Shanghai hosted the first-ever Formula One Grand Prix, won by team Ferrari. At the same time, Serena Williams was on her way to win China’s first tennis open championship, also in Shanghai. Both pop star Elton John and the Back Street Boys made first trips to China, singing to standing-room-only audiences in Beijing. At the Para Olympics for thehandicappedin Athens Chinese athletes ran away with the medals. And China also opened one of the largest semiconductor plants in the world, establishing it as a leading producer of those items so crucial to the information age.

Given these promising signs, in my recent discussions there with several of China’s most senior government officials, it was surprising that the usual invectives against Taiwan and dire warnings of what would follow should it declare independence from the mainland were so shrill. To those who have not been through this procedure before, Chinese interlocutors routinely harangue outsiders over Taiwan. But, during this visit, the threats were less veiled and from senior military officers that this columnist has known well. There was a new intensity to their warnings about using force to unify the nation in the event Taiwan declared independence.

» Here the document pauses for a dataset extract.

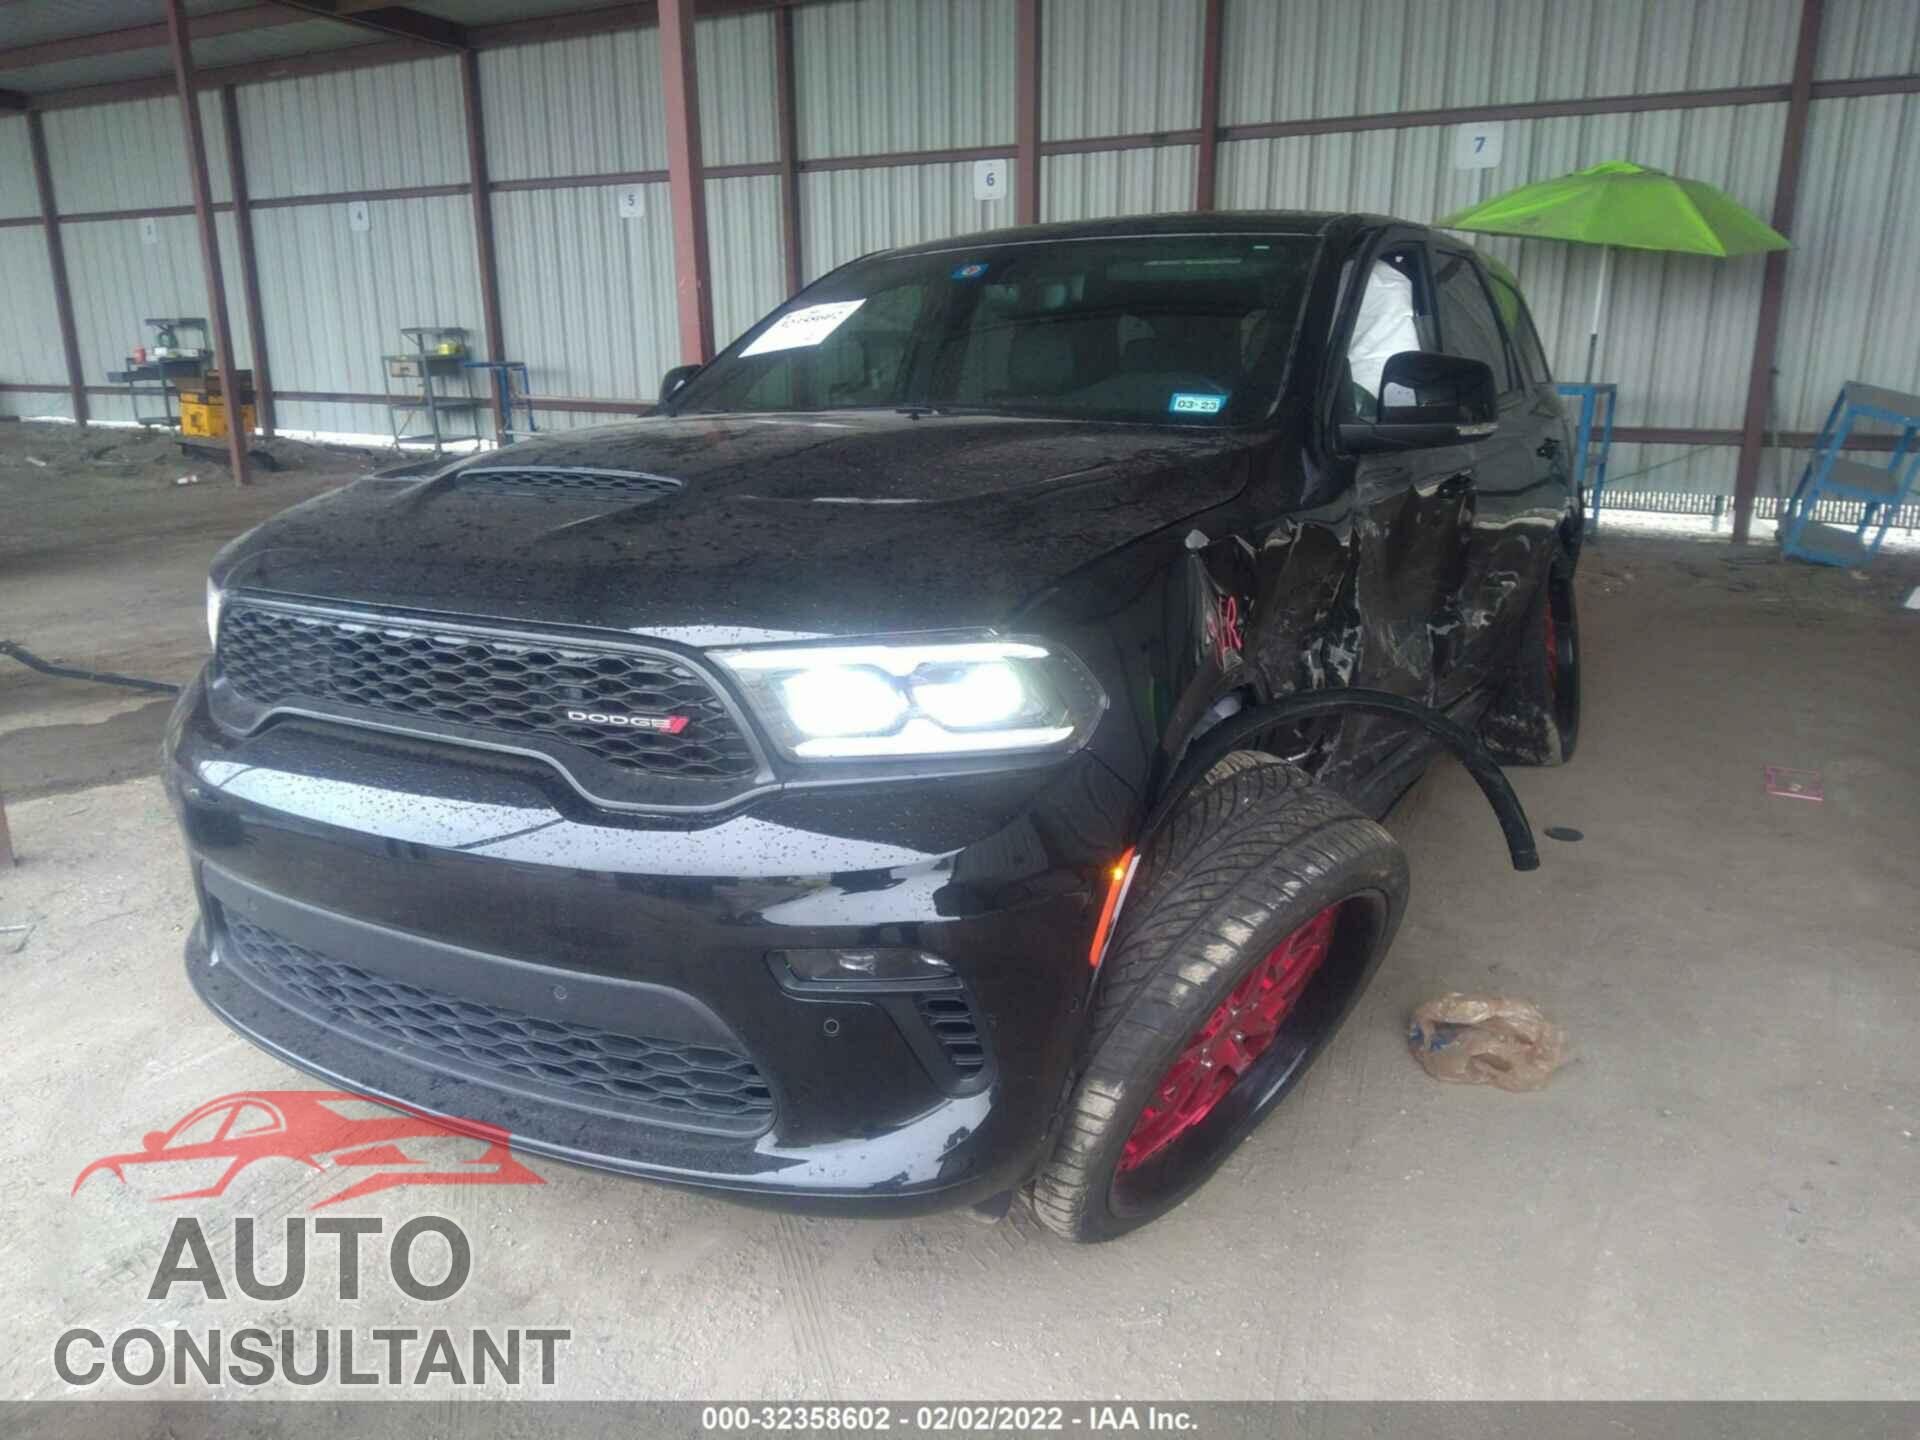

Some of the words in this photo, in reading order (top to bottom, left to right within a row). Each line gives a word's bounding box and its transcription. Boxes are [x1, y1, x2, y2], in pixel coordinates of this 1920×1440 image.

[1474, 136, 1486, 154] 7
[986, 172, 996, 187] 6
[627, 193, 636, 207] 5
[567, 711, 672, 729] DODGE
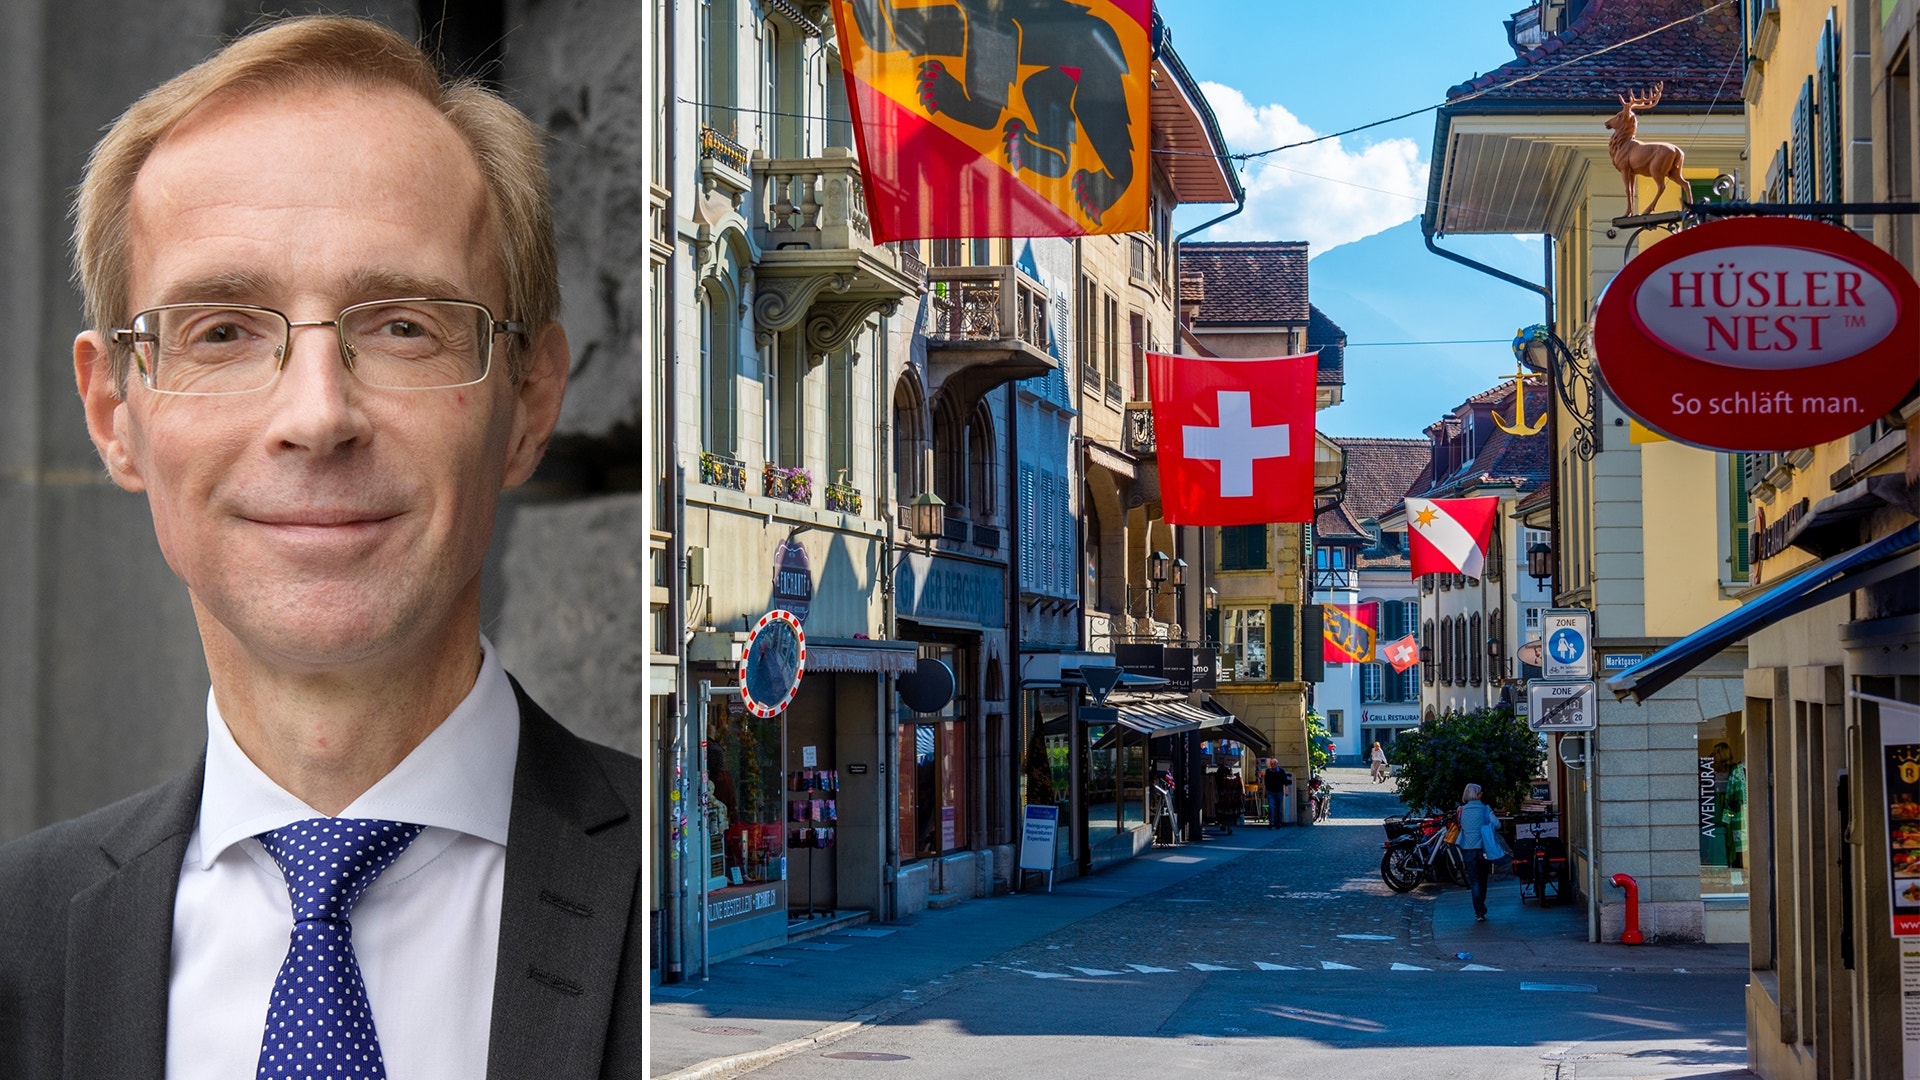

That Taiwan’s President Chen Shui-bian has threatened to declare independence is not news. Last spring, the Bush administration intervened to convince Mr. Chen to dampen his rhetoric. Since his re-election, independence has surfaced again. Last week, Mr. Chen’s national security advisor appeared in page-long advertisements in the New York Times and The Washington Post bringing attention to Taiwan and the need for the United States to honor its obligation to defend a fellow democracy against Communist China’s incursions. So, what is going on?

No doubt, the Taiwanese government understands that the United States is deeply engaged in Iraq and the war on terror. Mr. Chen may be exploring how much that preoccupation provides an opportunity for Taiwan to push its independence line against the mainland. That China is neuralgic in the extreme to any mention of independence can be counterbalanced by the reality of what China could really achieve by force. Under the current agreements, particularly the Taiwan Relations Act, the United States is obligated to protect the island if China were to attack first.

Some in the West believe that China is bluffing. How China would go about the forceful unification of Taiwan is an interesting question. One hundred twenty miles of ocean is a formidable barrier to cross, especially if the U.S. Seventh Fleet stood in the way. A blockade by the relatively weak Chinese Navy would likewise be impractical and missile attacks against Taiwan would no doubt cast China as the bully in the eyes of the international community. Nuclear weapons do not appear to be an option. However, the Chinese leadership gives no sign that a military option is a bluff.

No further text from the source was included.